BBC Local Radio service for the ceremonial county of Somerset, England

BBC Radio Somerset is the BBC's local radio station serving the county of Somerset, England.

It broadcasts on FM, AM, DAB, digital TV and via BBC Sounds from studios in the Blackbrook area of Taunton.

According to RAJAR, the station has a weekly audience of 55,000 listeners and a 7.2% share as of December 2023.

==History==
The first BBC service for the county of Somerset was established in 1978, as an emergency measure following storms in the county.

===BBC Somerset Sound (1988–2007)===
The station proper was launched as BBC Somerset Sound on 11 April 1988, broadcasting as a part-time station on BBC Radio Bristol's former frequency of 1323 medium wave, opting out of BBC Radio Bristol for a few hours each day. It was based in studios above a café on Paul St, Taunton, run by producer-in-charge, Clinton Rogers and news
producer Anne Ashworth, with a smaller satellite studio in Yeovil run by district producer, Steve Haigh. The signal on 1323 MW was for many years interfered with by a radio station in Russia.
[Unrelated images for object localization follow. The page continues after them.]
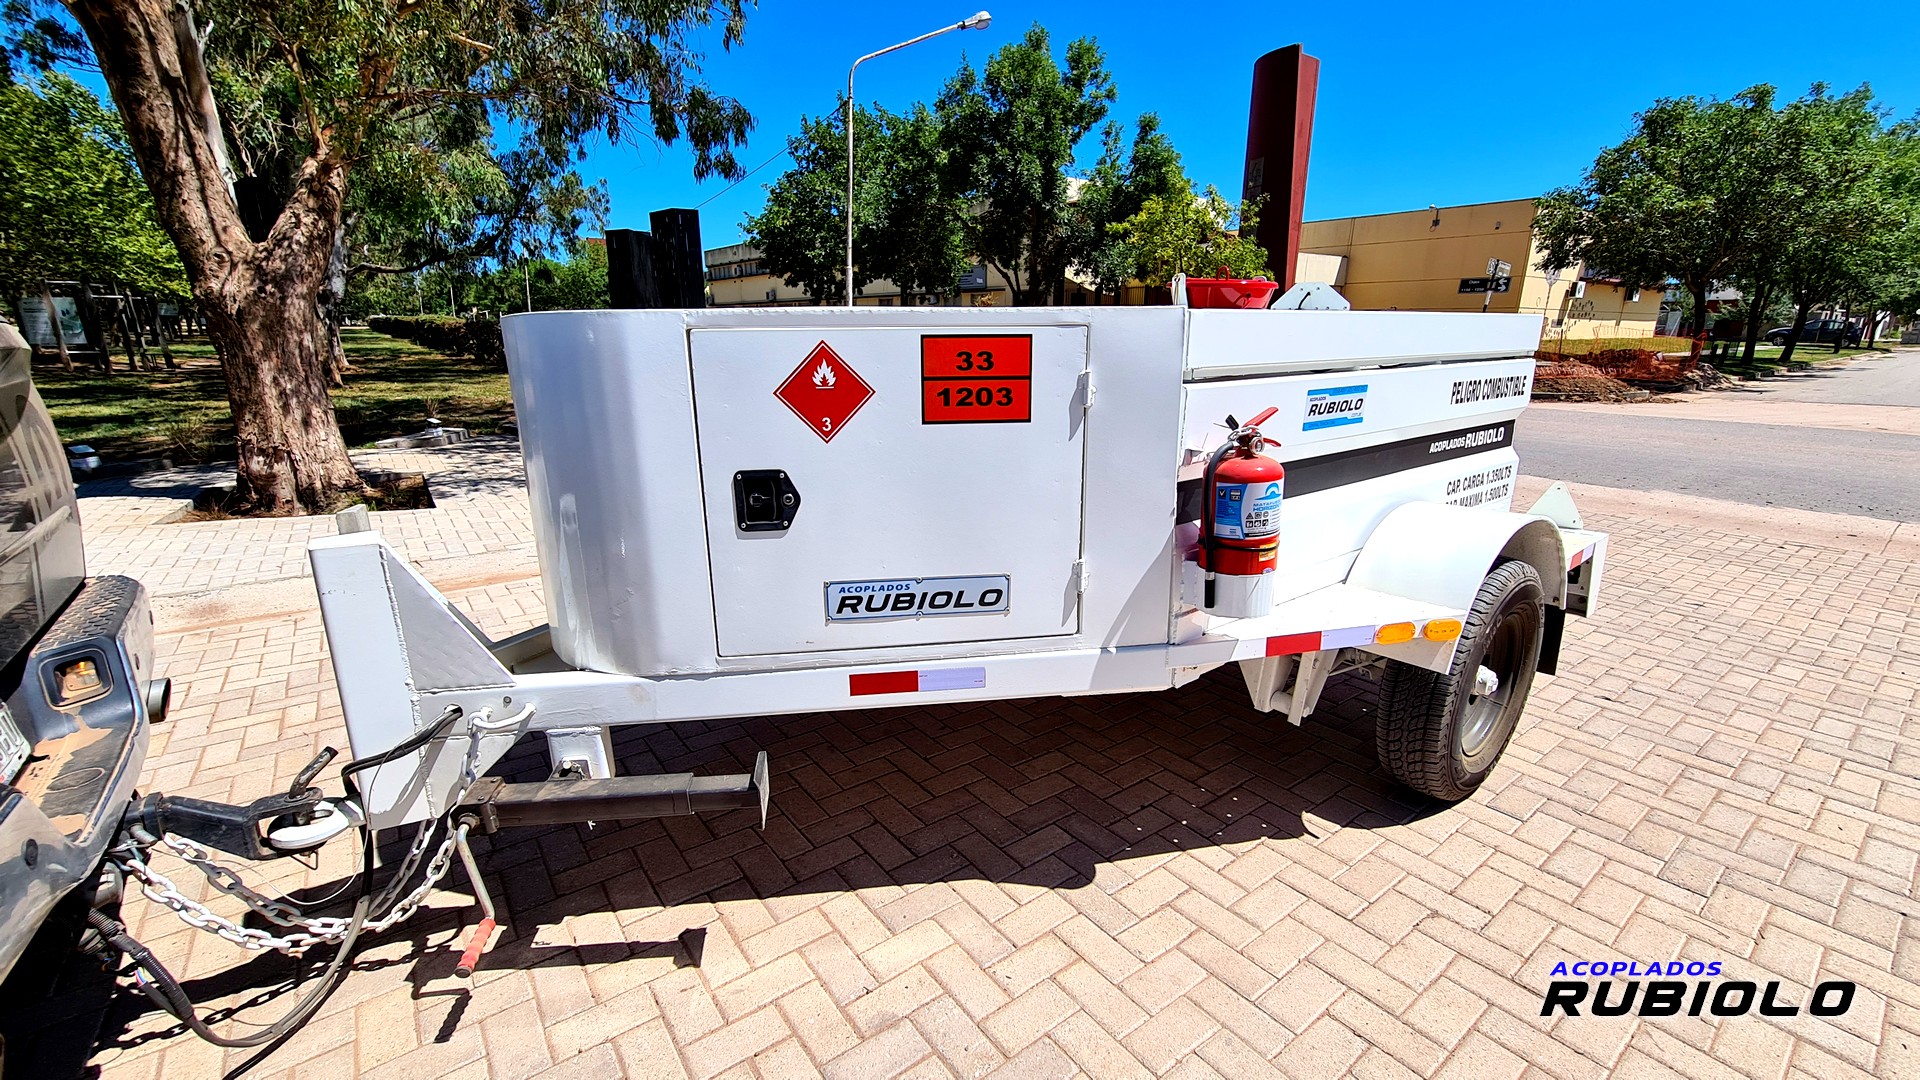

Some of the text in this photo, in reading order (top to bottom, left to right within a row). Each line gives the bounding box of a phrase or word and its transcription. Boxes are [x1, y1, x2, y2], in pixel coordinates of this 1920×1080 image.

[955, 350, 994, 371] 33
[936, 387, 1014, 407] 1203
[1450, 375, 1527, 405] PELIGRO COMBUSTIBLE
[1307, 398, 1364, 417] RUBIOLO
[821, 417, 832, 432] 3
[1428, 426, 1505, 454] ACOPLADOS RUBIOLO
[1446, 479, 1461, 496] CAP.
[1462, 472, 1485, 491] CARGA
[838, 583, 911, 594] ACOPLADOS
[835, 588, 1004, 614] RUBIOLO
In August 2002, BBC Somerset Sound moved to new premises in Park Street, Taunton, and acquired a more robust frequency of 1566 MW.

===BBC Somerset (2007–2020)===
In 2007, the station relaunched as BBC Somerset, with the launch of the BBC Somerset bus in May. On 3 December of that year, the station was given BBC Radio Bristol's former frequency of 95.5 FM, and broadcasts to the whole county of Somerset (including the unitary districts of North Somerset and Bath and North East Somerset) and beyond. Listeners from as far afield as Finland have reported hearing the station clearly. BBC Somerset sometimes uses its AM frequency for cricket commentary while regular programming continues on FM. BBC Somerset began broadcasting on DAB in September 2014.
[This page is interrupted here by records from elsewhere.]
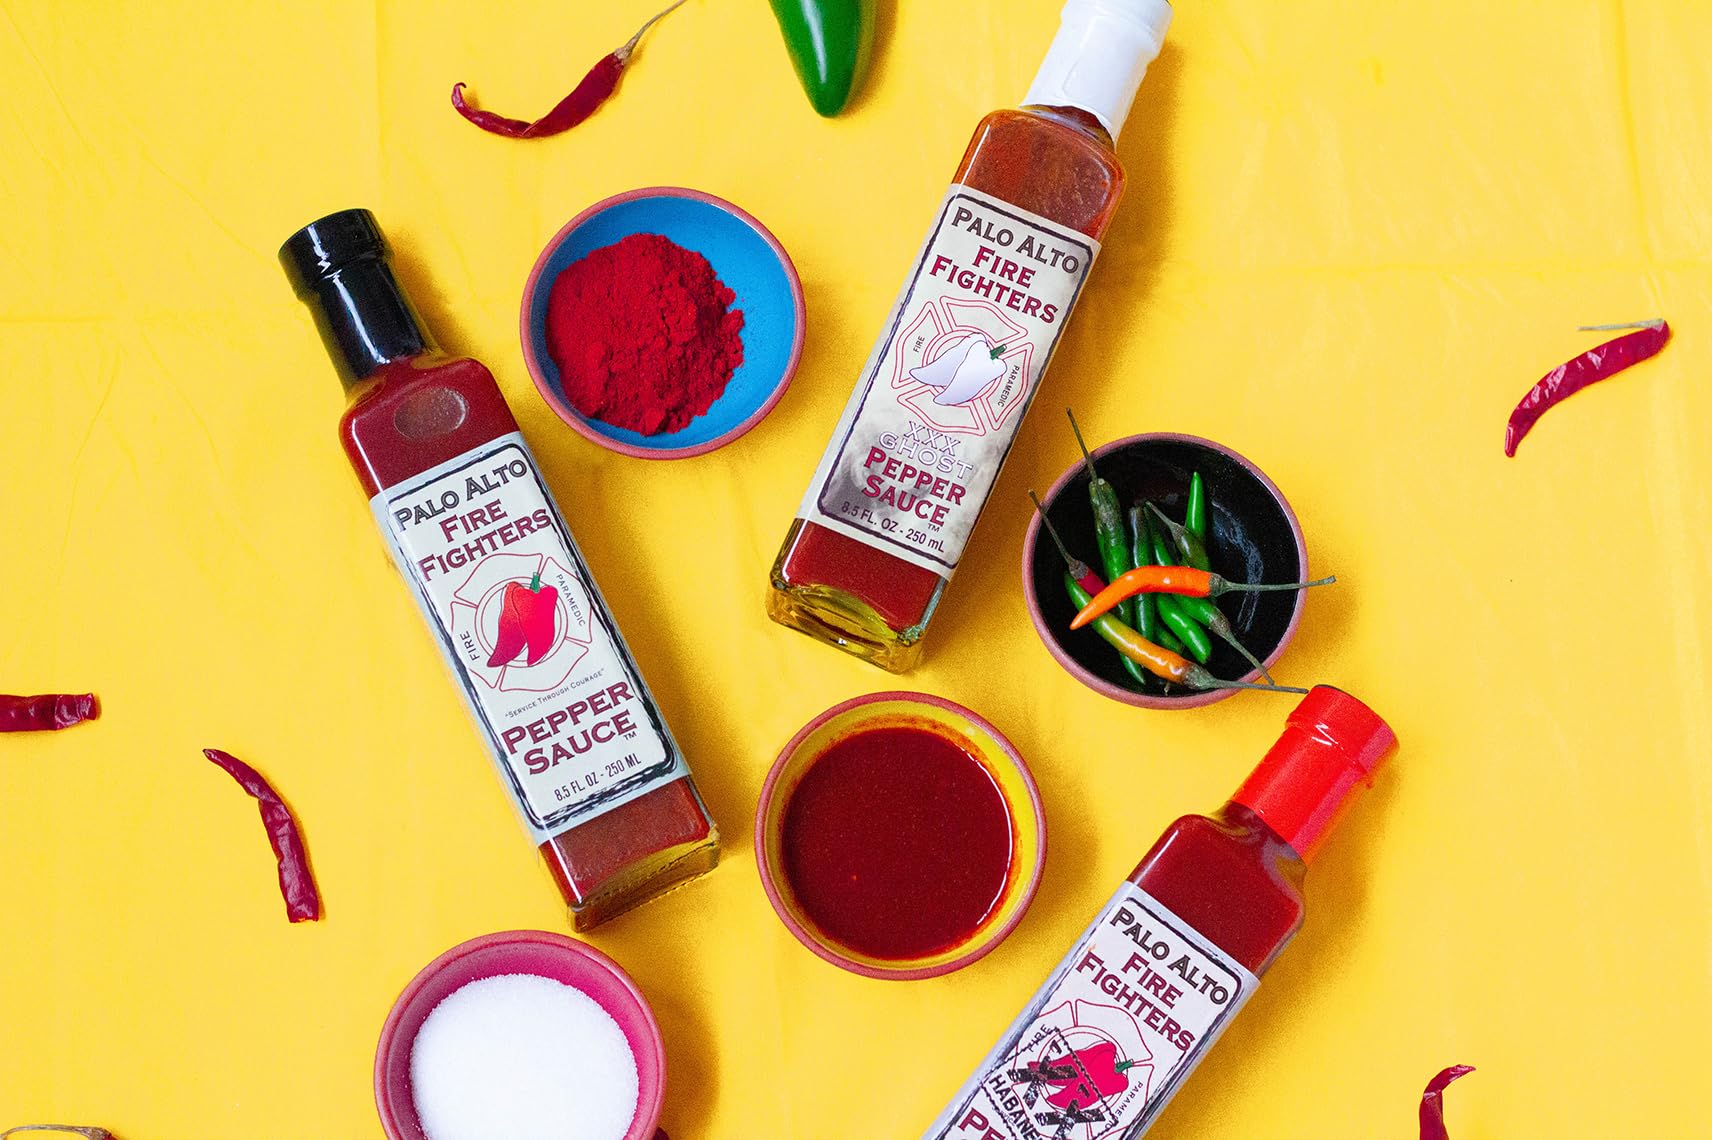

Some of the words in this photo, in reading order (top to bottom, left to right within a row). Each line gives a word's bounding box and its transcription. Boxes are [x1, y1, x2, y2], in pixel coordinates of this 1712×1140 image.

[951, 206, 1014, 247] PALO
[1016, 234, 1079, 274] ALTO
[929, 254, 1059, 324] FIGHTERS
[972, 245, 1036, 289] FIRE
[913, 335, 925, 353] FIRE
[997, 365, 1020, 408] PARAMEDIC
[878, 431, 973, 480] GHOST
[904, 421, 961, 457] XXX
[393, 491, 461, 533] PALO
[465, 459, 527, 501] ALTO
[861, 474, 950, 527] SAUCE
[863, 446, 967, 506] PEPPER
[418, 509, 551, 582] FIGHTERS
[439, 499, 508, 543] FIRE
[840, 501, 859, 517] 8.5
[861, 509, 878, 526] FL.
[880, 518, 899, 533] OZ
[905, 528, 926, 545] 250
[927, 537, 945, 553] mL
[557, 574, 586, 627] PARAMEDIC
[459, 630, 480, 661] FIRE
[501, 682, 634, 755] PEPPER
[523, 709, 637, 775] SAUCE
[554, 785, 572, 802] 8.5
[585, 772, 600, 788] OZ
[604, 759, 624, 779] 250
[625, 753, 642, 768] ML
[1109, 906, 1170, 961] PALO
[1167, 954, 1229, 1005] ALTO
[1121, 951, 1184, 1010] FIRE
[1075, 951, 1196, 1051] FIGHTERS
BBC Somerset was for many years an 'opt-out' from BBC Radio Bristol, but in May 2012, the BBC established it as a station in its own right. The BBC's Annual Report and Accounts for 2005/2006 stated: "The BBC is committed to extending its network of local radio stations to a limited number of under served areas, and BBC management is carrying out preparatory work for new stations in Somerset, Dorset and Cheshire".

On 6 October 2011, the BBC announced that it intended to close BBC Somerset's 1566 MW frequency as part of its Delivering Quality First (DQF) programme of cutbacks. No decision on the timing of the medium wave switch-off has yet been made.

In November 2017, BBC Somerset moved from the Park Street premises to a new building on the edge of Taunton in Blackbrook.

===BBC Radio Somerset (2020–present)===
On 27 April 2020, the station changed its name to BBC Radio Somerset in order to fit the station name into the new jingle package.

On 5 July 2020, the station switched from the BBC West feed to join BBC South West.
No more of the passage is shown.